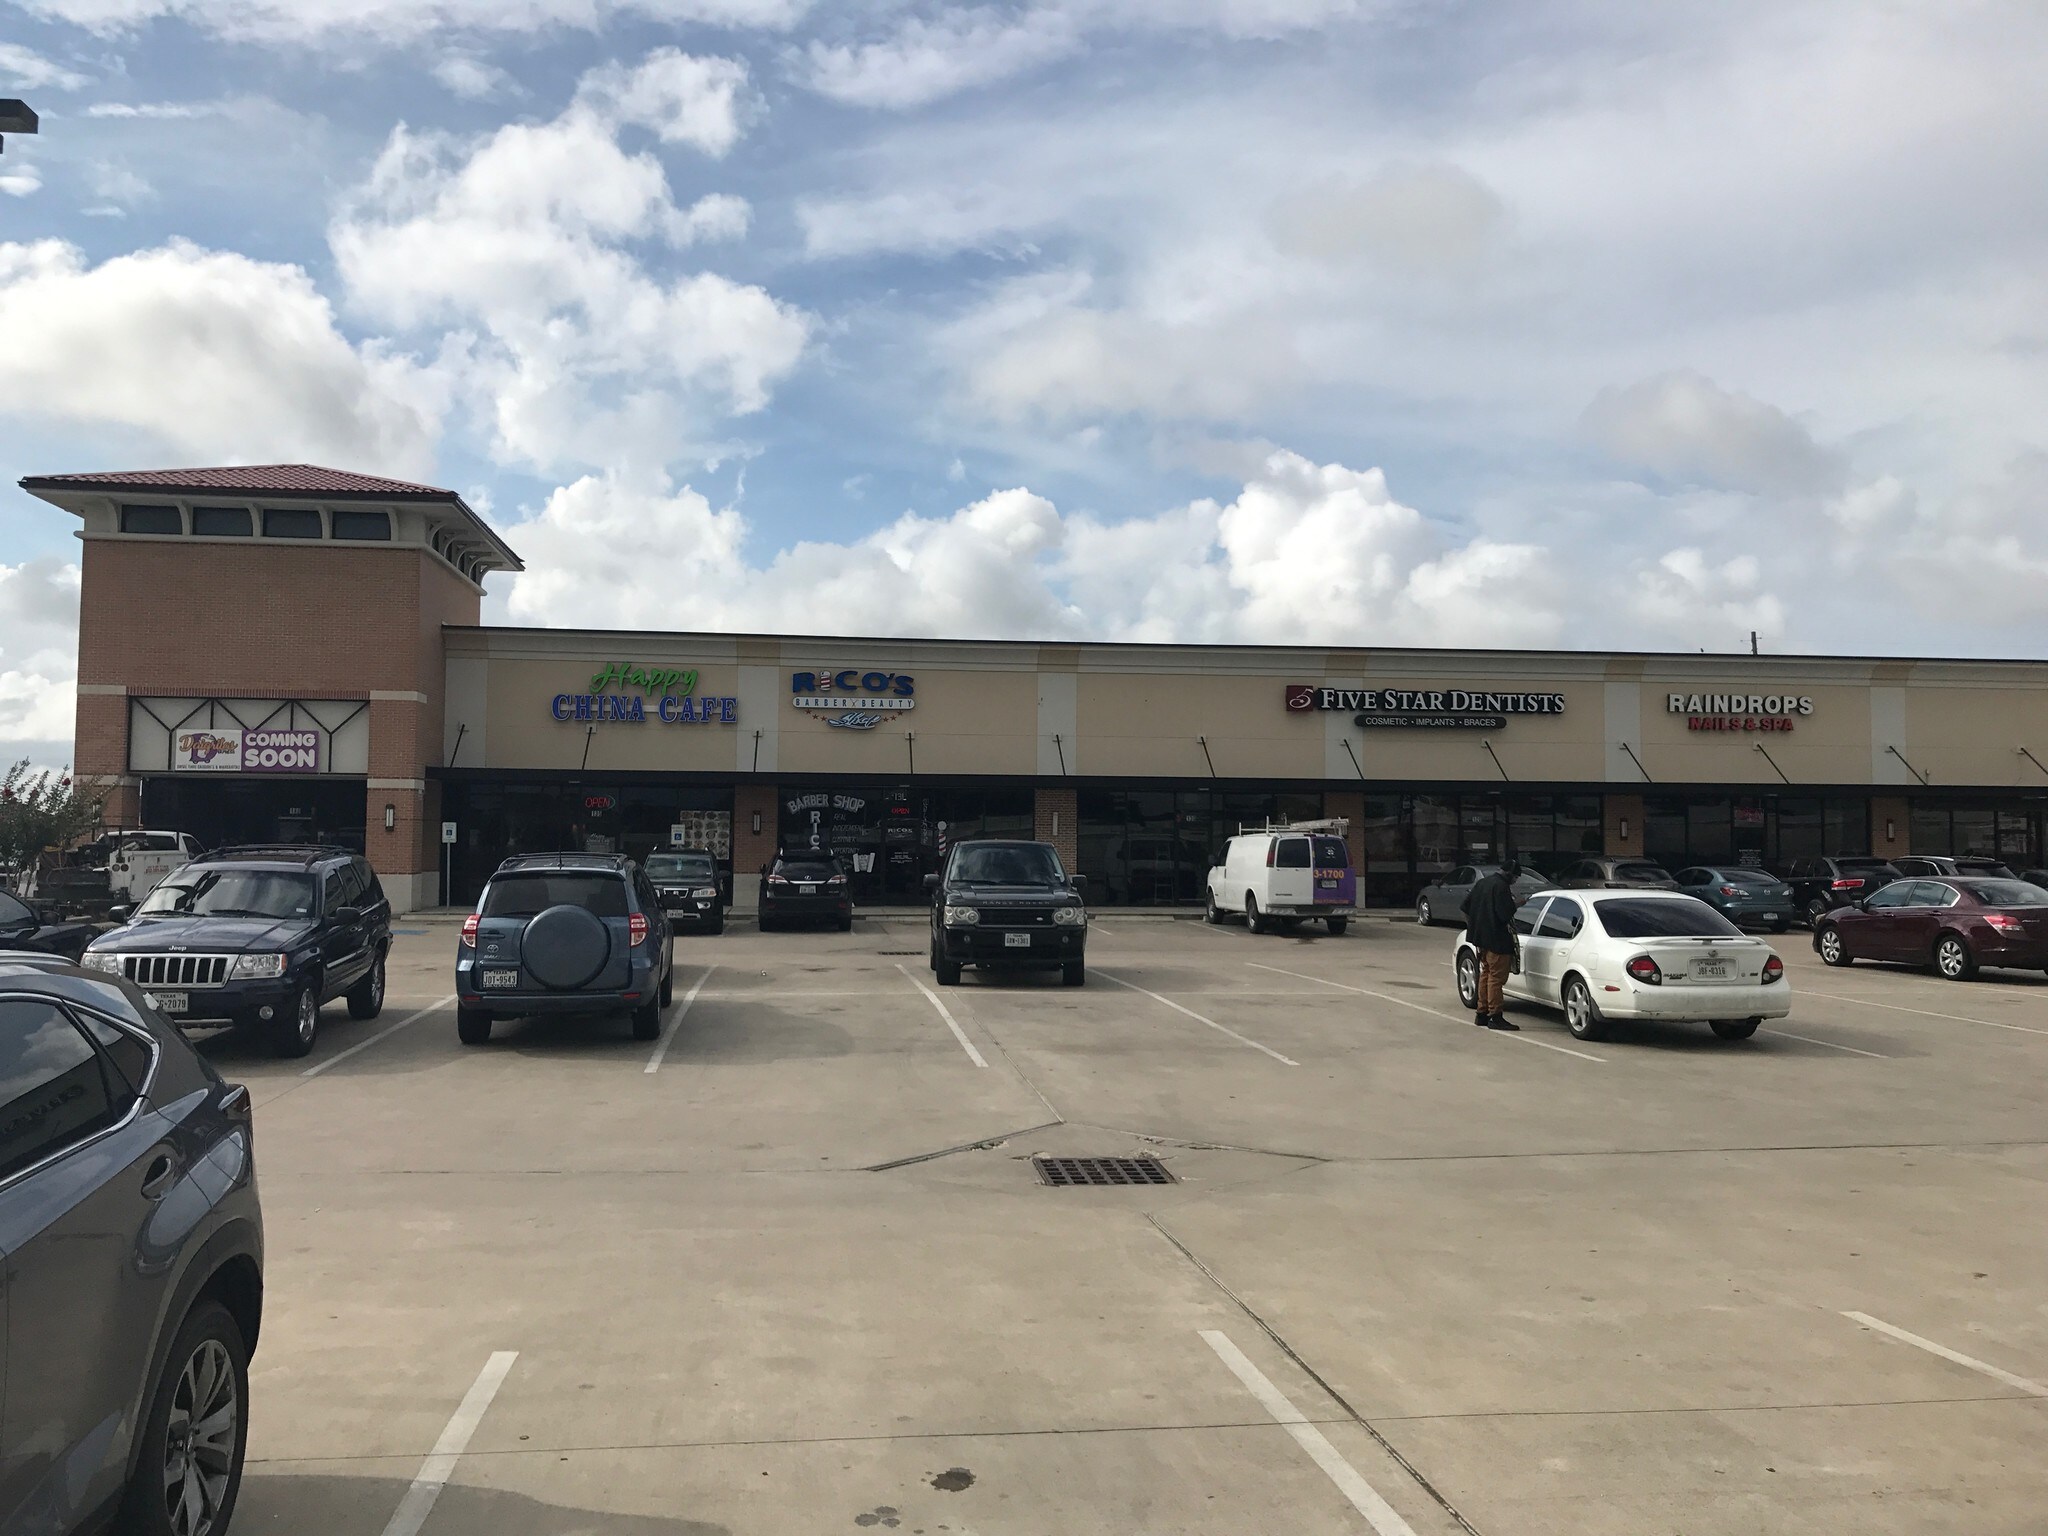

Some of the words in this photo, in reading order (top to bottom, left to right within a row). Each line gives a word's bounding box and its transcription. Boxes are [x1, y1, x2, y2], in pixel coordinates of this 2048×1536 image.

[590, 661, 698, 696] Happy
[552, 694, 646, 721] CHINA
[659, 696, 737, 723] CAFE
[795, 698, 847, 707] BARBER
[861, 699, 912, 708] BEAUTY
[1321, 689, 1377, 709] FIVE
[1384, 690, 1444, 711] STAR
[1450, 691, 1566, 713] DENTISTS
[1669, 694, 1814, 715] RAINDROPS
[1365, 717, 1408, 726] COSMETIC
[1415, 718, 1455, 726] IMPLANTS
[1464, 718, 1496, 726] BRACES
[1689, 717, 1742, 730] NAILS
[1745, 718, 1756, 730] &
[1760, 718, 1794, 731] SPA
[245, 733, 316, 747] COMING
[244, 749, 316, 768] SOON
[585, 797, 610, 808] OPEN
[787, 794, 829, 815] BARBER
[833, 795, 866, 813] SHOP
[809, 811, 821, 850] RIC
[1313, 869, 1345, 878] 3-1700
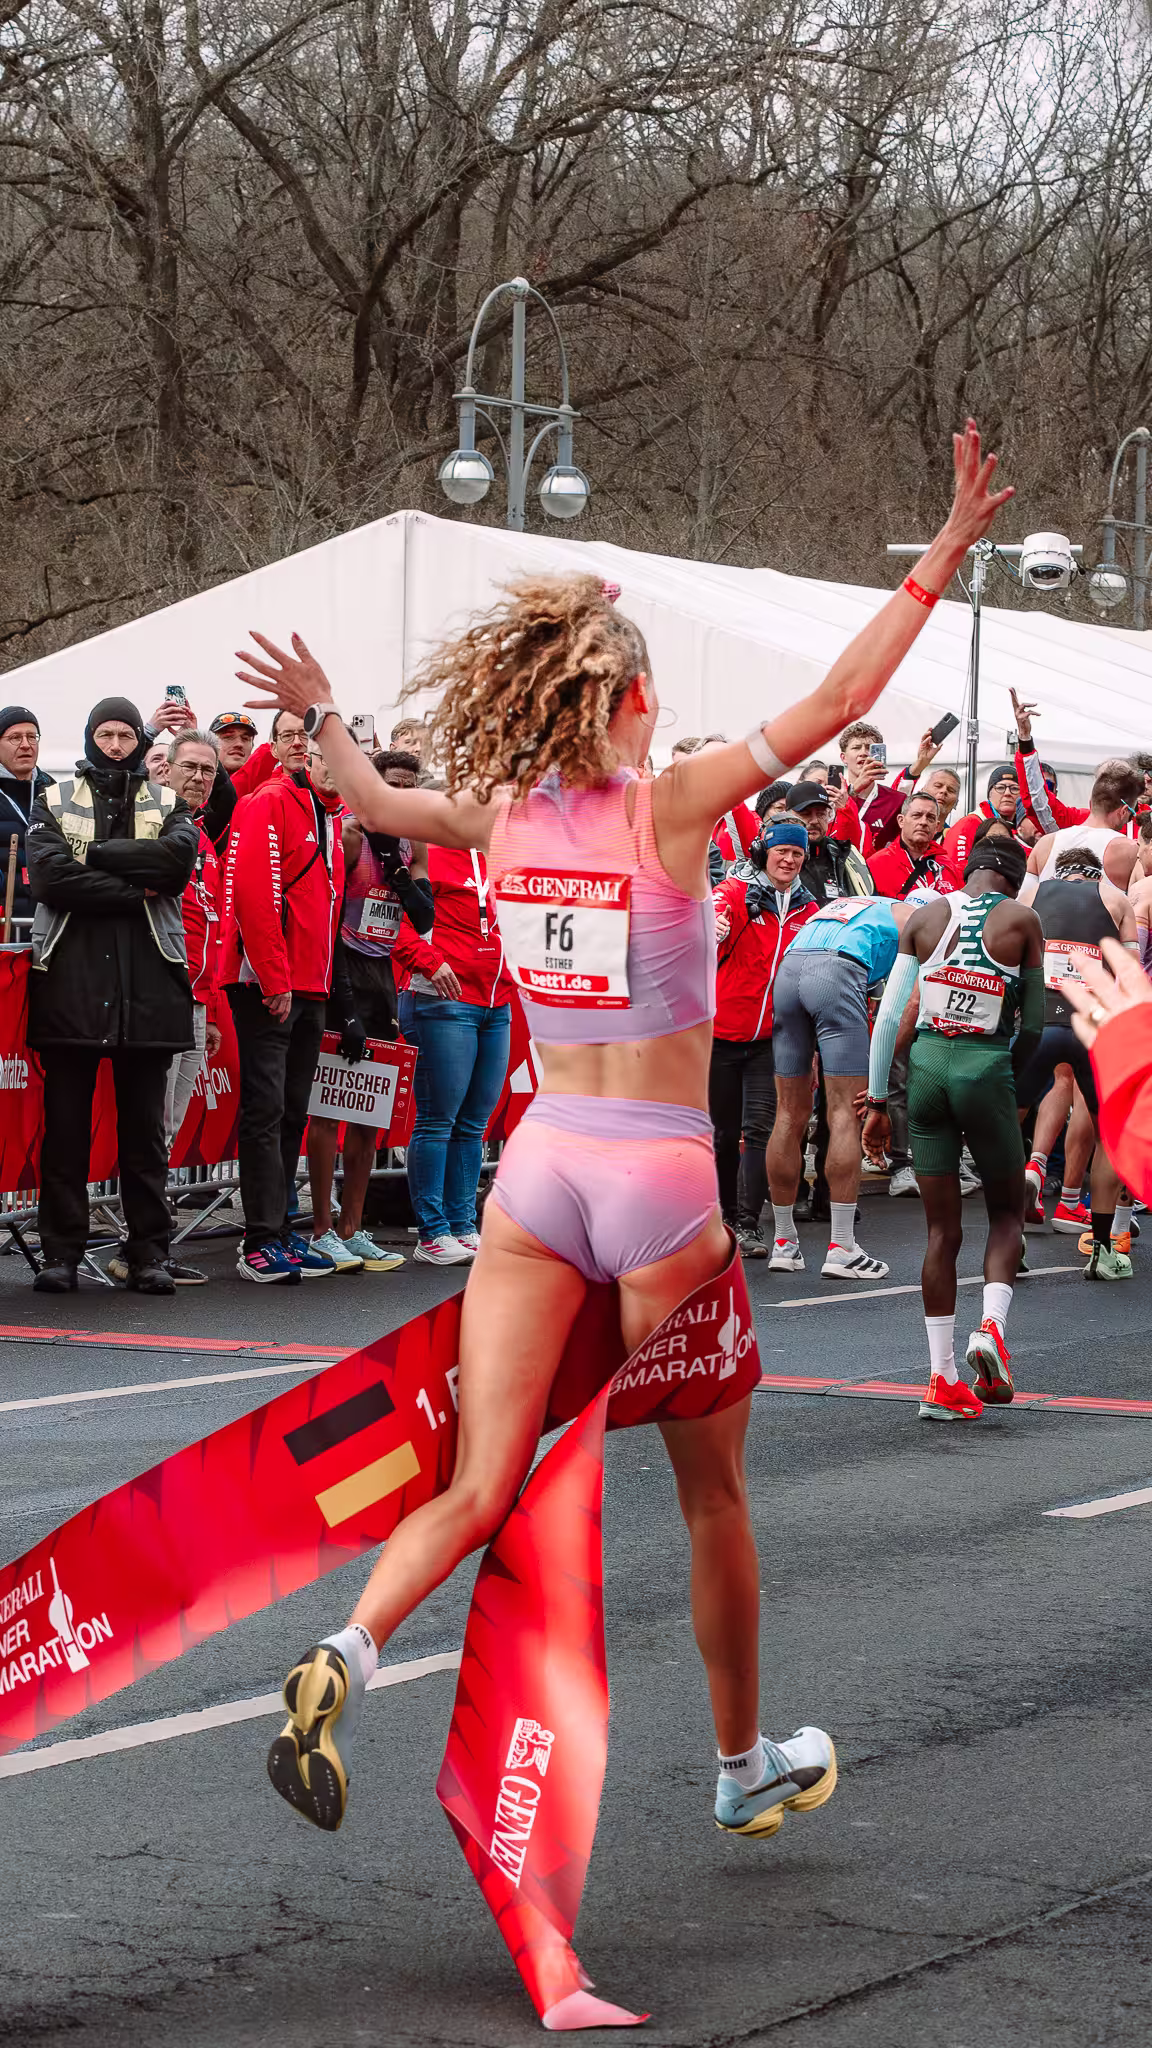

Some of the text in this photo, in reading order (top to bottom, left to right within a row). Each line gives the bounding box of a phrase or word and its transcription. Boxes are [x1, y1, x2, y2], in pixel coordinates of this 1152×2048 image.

● ● ● ● ●

Assigned task:
Set the material above down again word for word. Include none of its pictures.

Task output:
Some of the words in this photo, in reading order (top to bottom, left to right within a row). Each line gives a word's bounding box and its transcription. Boxes are [x1, y1, x2, y2], in pixel coordinates of this 2048×1536 image.

[590, 661, 698, 696] Happy
[552, 694, 646, 721] CHINA
[659, 696, 737, 723] CAFE
[795, 698, 847, 707] BARBER
[861, 699, 912, 708] BEAUTY
[1321, 689, 1377, 709] FIVE
[1384, 690, 1444, 711] STAR
[1450, 691, 1566, 713] DENTISTS
[1669, 694, 1814, 715] RAINDROPS
[1365, 717, 1408, 726] COSMETIC
[1415, 718, 1455, 726] IMPLANTS
[1464, 718, 1496, 726] BRACES
[1689, 717, 1742, 730] NAILS
[1745, 718, 1756, 730] &
[1760, 718, 1794, 731] SPA
[245, 733, 316, 747] COMING
[244, 749, 316, 768] SOON
[585, 797, 610, 808] OPEN
[787, 794, 829, 815] BARBER
[833, 795, 866, 813] SHOP
[809, 811, 821, 850] RIC
[1313, 869, 1345, 878] 3-1700

Some of the text in this photo, in reading order (top to bottom, left to right within a row). Each line gives the bounding box of a phrase or word and its transcription. Boxes are [x1, y1, x2, y2], in pixel coordinates of this 1152×2048 image.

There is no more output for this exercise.